Statistical Testing Procedures • Step 2 Choose an appropriate test statistics such as two-sample t-statistics. • Step 3 • Select the nominal significance level the risk of typeⅠerror you are willing to commit Usually 5%
Statistical Testing Procedures • Step 4 • Determine the critical value, rejection region and decision rule For large samples, two-sided alternative andα= 0.05, the critical value is z(0.025) = 1.96 and rejection region will be the one such that the absolute value of the test statistic is greater than 1.96. • Decision rule reject the null hypothesis if the resulting test statistic is in the rejection region.
Statistical Testing Procedures Step 1 to step 4 should be determined and pre-specified in the Statistical Method section of the protocol before initiation of the study.
Statistical Testing Procedures • Step 5 When the study is completed or the data are available for interim analysis, complete the value of the test statistic specific in Step2 (protocol). • Step 6 Make decision based on the resulting value of the test statistic and decision rule specified in Step 4 (protocol).
Statistical Testing Procedures • Conclusion • Reject the null hypothesis The sampling error is an unlikely explanation of discrepancy between the null hypothesis and observed values and the alternative hypothesis is proved at a risk of 5%. • Fail to reject null hypothesis The sampling error is a likely explanation and the data fail to provide sufficient evidence to doubt the validity of the null hypothesis. • Do NOT claim that the null hypothesis is accepted.
P - value • If there is no difference in ADAS-cog between the two groups (i.e., the null hypothesis is true), the chance of obtaining a mean difference at least as large as the observed mean difference. • If p-value is small, it implies that the observed difference is unlikely to occur if there is no difference in ADAS-cog scale between 80mg of tacrine and placebo.
P - value • How small the p-value is sufficient enough to conclude that there exists a true difference in ADAS-cog scale between 80 mg of tacrine and placebo? • It depends upon the risk that the investigator is willing to take for committing type I error. • Nominal significance level = risk of type I error (The chance of concluding existence of a true difference in ADAS-cog when in fact there is no difference)

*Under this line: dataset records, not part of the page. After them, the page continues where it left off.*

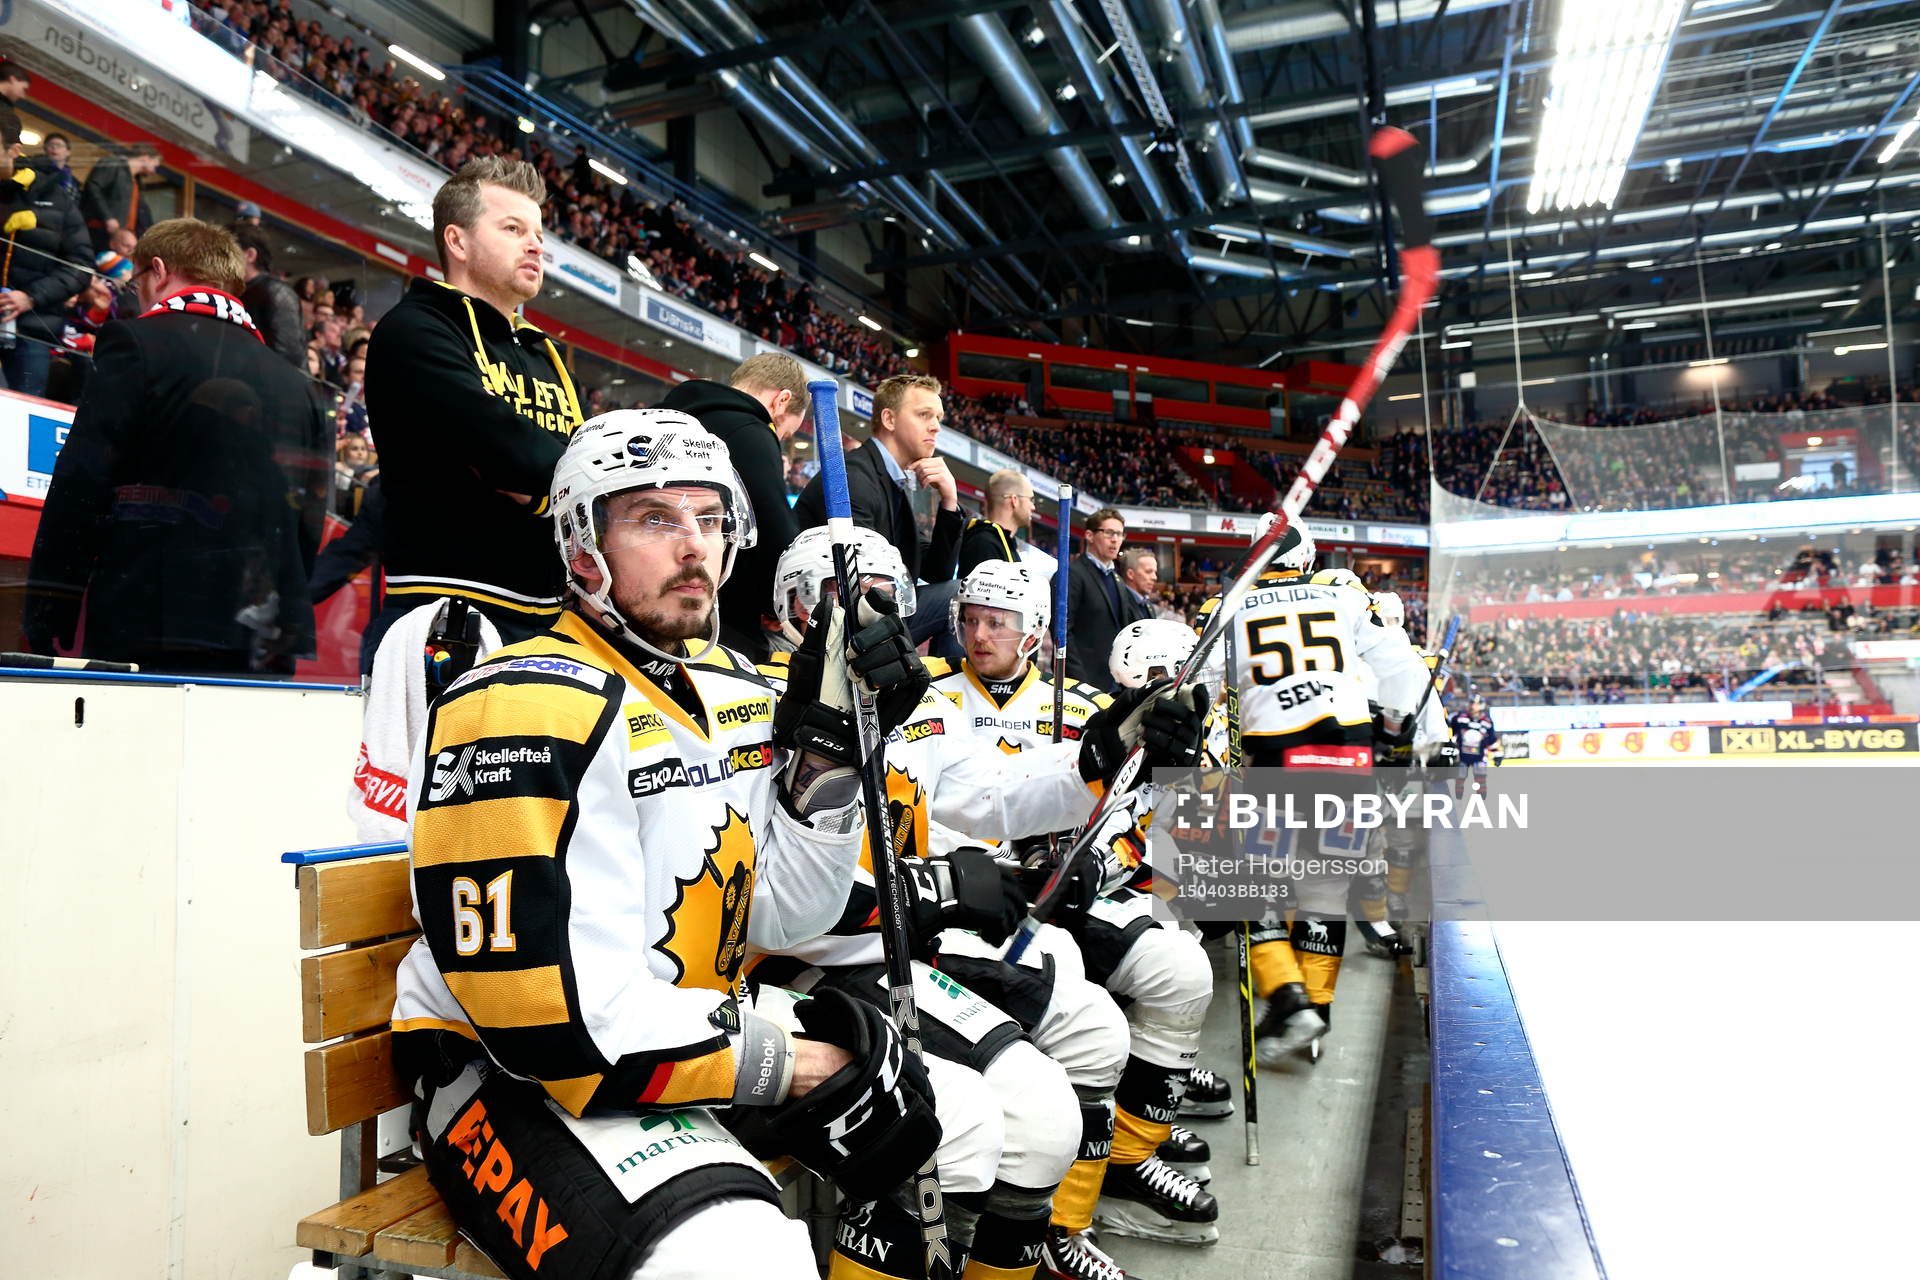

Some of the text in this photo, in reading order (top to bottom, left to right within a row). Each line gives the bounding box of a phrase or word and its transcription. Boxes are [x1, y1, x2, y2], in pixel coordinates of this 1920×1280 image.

[1246, 611, 1344, 686] 55
[989, 684, 1015, 695] SHL
[717, 701, 768, 724] engcon
[975, 716, 1031, 730] BOLIDEN
[904, 719, 944, 743] skebo
[1037, 723, 1079, 740] skbo
[1778, 729, 1906, 750] XL-BYGG
[475, 746, 551, 766] Skellefteå
[474, 767, 512, 785] Kraft
[1113, 760, 1137, 796] CCM
[451, 870, 517, 957] 61
[752, 1037, 776, 1096] Reebok

P - value • If the observed p-value < the nominal significance level (i.e., the observed p-value < risk of type Ⅰerror), then conclude there exists a true difference in ADAS-cog. • The nominal significance level = 5% or 1% • The p-value for the observed difference in mean ADAS-cog is 0.015. • If the nominal significance level is 5%, then it is concluded that there is a difference in ADAS-cog between 80mg of tarcine and placebo in target population of patients with probable Alzheimer’s disease.
P - value • We can not make the same decision if the nominal significance level is chosen to be 1%. • Should always reported the observed p-value and let readers and reviewers judge the strength of evidence by themselves and do not use p-value < 0.05.
Confidence Interval • Example Adkinson, et al (NEJM 1997; 336: 324-31) Immunotherapy for asthma in allergic children
Confidence Interval • Estimates about the true population difference. • Random intervals which can be different if the same trial is repeated. • A 95% confidence interval implies 95% chance that the interval (-7.8, 0.1) will cover the true difference in average PEFR between the two groups. • A 95% confidence interval for the difference will not include 0 if and only if p-value < 0.05.